Hathaway and Shapiro Closing Post

by Oona Hathaway and Scott Shapiro

We want to begin our closing post by thanking everyone who has participated in the symposium on our article this week. We also wish to thank our lead editor at the Yale Law Journal, Philip Levitz, who help arrange this symposium (as well as a forthcoming symposium at Yale Law Journal Online) and who has been truly outstanding in every respect.

It has been wonderful to see the different ways in which each of the participants in the symposium has approached our project. Samantha Besson, much of whose work focuses on the intersection of philosophy and international law, honed in on the jurisprudential issues, including the relationship between enforcement of international law and the juridical status of international law as law. Gary Bass, a leading political scientist, calls for process-tracing and empirical tests of our claims to inform longstanding debates in political science about state motives for compliance with international law. Michael Helfand, an expert on religious law, notes that our case study of the canon law is simply the tip of the iceberg—outcasting is used extensively, we are interested to learn, in religious legal systems. James Gathi, who has written extensively about law in the developing world, rightly points out that the theory of outcasting calls on us to identify the community that creates and withdraws benefits and the values that the community pursues in the process. Peter Spiro, a leading critic of sovereigntist legal scholarship, presses us to say more about the relationship between outcasting and state sovereignty. Each of these posts have helped us to think about outcasting from a different perspective. Together, they have begun precisely the conversation we hoped we might provoke with this article. We are grateful to Opinio Juris, and especially to Duncan Hollis, for creating the forum in which this could happen.

We cannot conclude, however, without discussing Miguel Maduro’s post—the last of the responses to our article. Miguel’s post is a wide-ranging and wonderfully thought-provoking reflection on two key themes: first, the importance of enforcement for the legitimacy of international law, and, second, the relationship between international law and sovereignty. As with all of the posts, we cannot begin to do his comments justice, but we will say a few brief words.

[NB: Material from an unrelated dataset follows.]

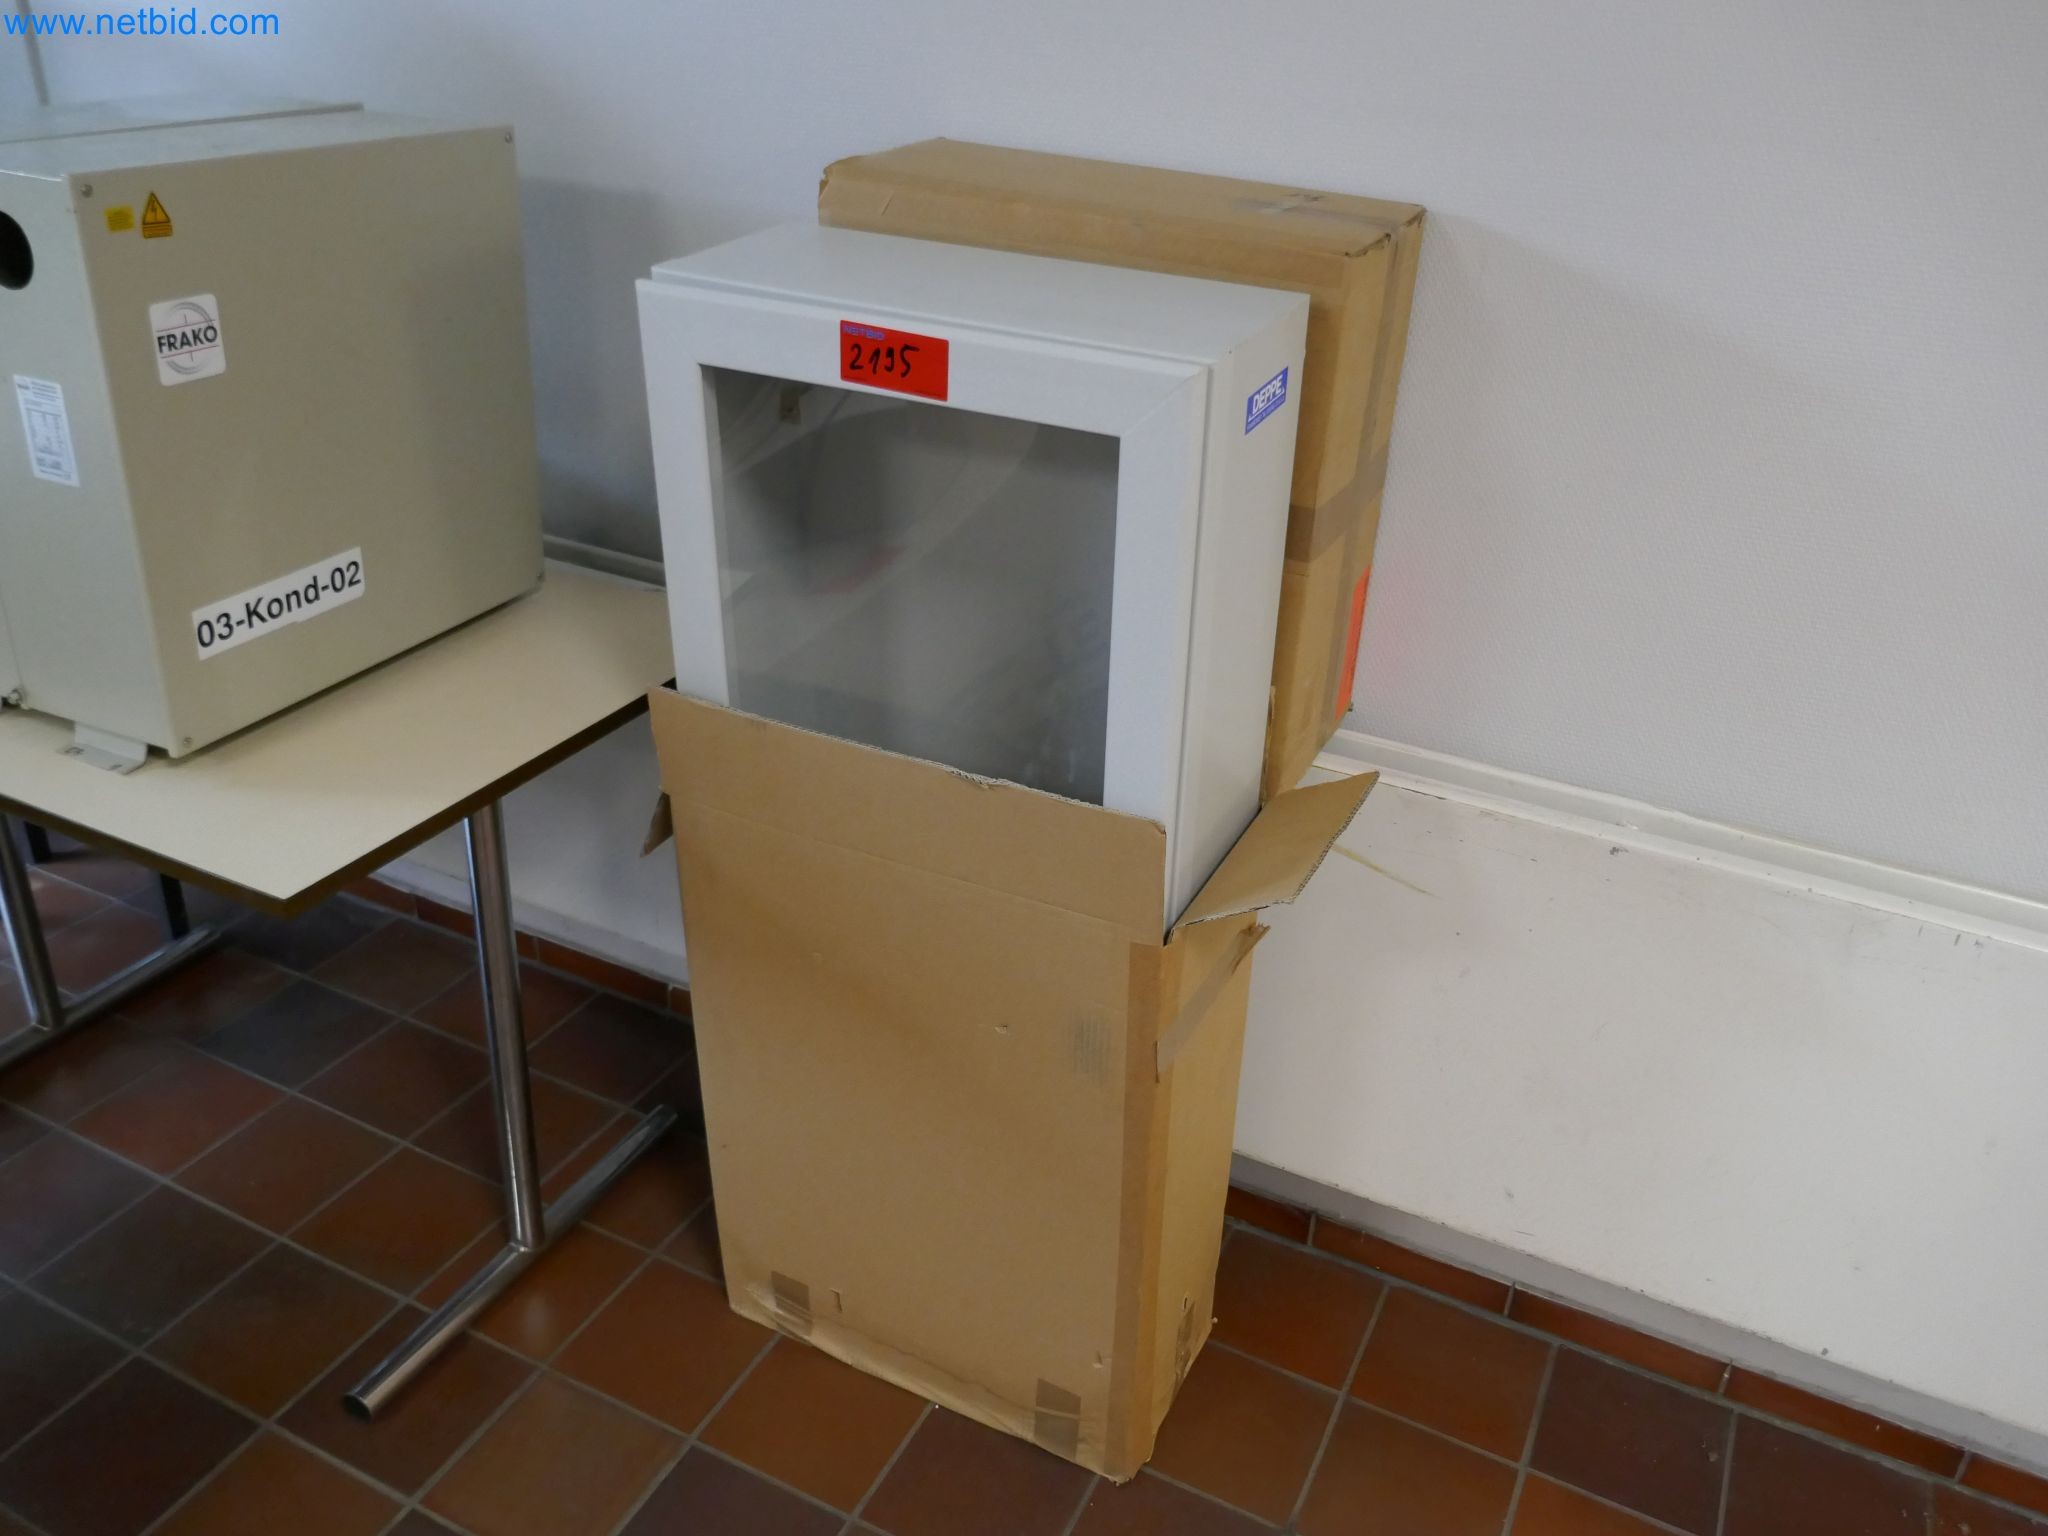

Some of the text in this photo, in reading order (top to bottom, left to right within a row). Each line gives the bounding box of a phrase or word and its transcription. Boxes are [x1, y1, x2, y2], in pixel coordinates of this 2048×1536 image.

[157, 325, 218, 354] FRAKO
[849, 343, 920, 378] 2195
[1252, 374, 1284, 415] DEPPE
[197, 561, 361, 648] 03-Kond-02

Miguel begins by asking whether we could imagine the use of outcasting by domestic authorities to enforce domestic law. He is skeptical that we would find this acceptable because of the asymmetric and unpredictable character of outcasting. In the domestic legal order, what gives law legitimacy, Miguel argues, is its claim of completeness and comprehensiveness. International law, he says, does not have this. We both agree and disagree. Yes, there are some instances in which outcasting is unpredictable—for example, the use of economic sanctions against states accused of human rights violations. But there are instances in which it is quite predictable—for example, the use of trade sanctions for violations of the GATT. It is not outcasting that makes the legal system unpredictable per se; it is the willingness or unwillingness of states to use the available sanctions to enforce the law. That, in turn, depends on a variety of factors—factors that can sometimes be at least partially addressed by better designed outcasting sanctions (in ways we begin to discuss in the article) and sometimes not. Miguel is right, however, that a legal order that relies on states to enforce is then effectively at the mercy of those states—the success or failure of the legal order depends on the willingness of the members to robustly participate in the outcasting regime. This is both a strength and a vulnerability.

Miguel is also absolutely right to point out that the power of outcasting comes from the emerging interdependence between states. We believe that this is precisely because the expansion of international law has generated benefits on which states increasingly rely. Outcasting threatens states with the loss of these benefits, a loss that is less bearable today than it would have been at a time when those benefits were smaller because the interdependence was weaker. We agree that as interdependence grows, outcasting as a tool will only become more powerful—precisely because the benefits states receive from the international legal system have grown and their vulnerability to having them withdrawn is commensurately increased. And Miguel is correct in his closing observation that if we are right that enforcement through outcasting strengthens the case that international law is law—by answering one common objection to its juridical status—then the legitimacy of international law naturally turns on when and how international law uses enforcement through outcasting. If that is correct—and we think it is—this lends greater urgency to the project in the second half of the article, in which we consider how outcasting sanctions may be used to most effectively enforce the international legal rules they are meant to police.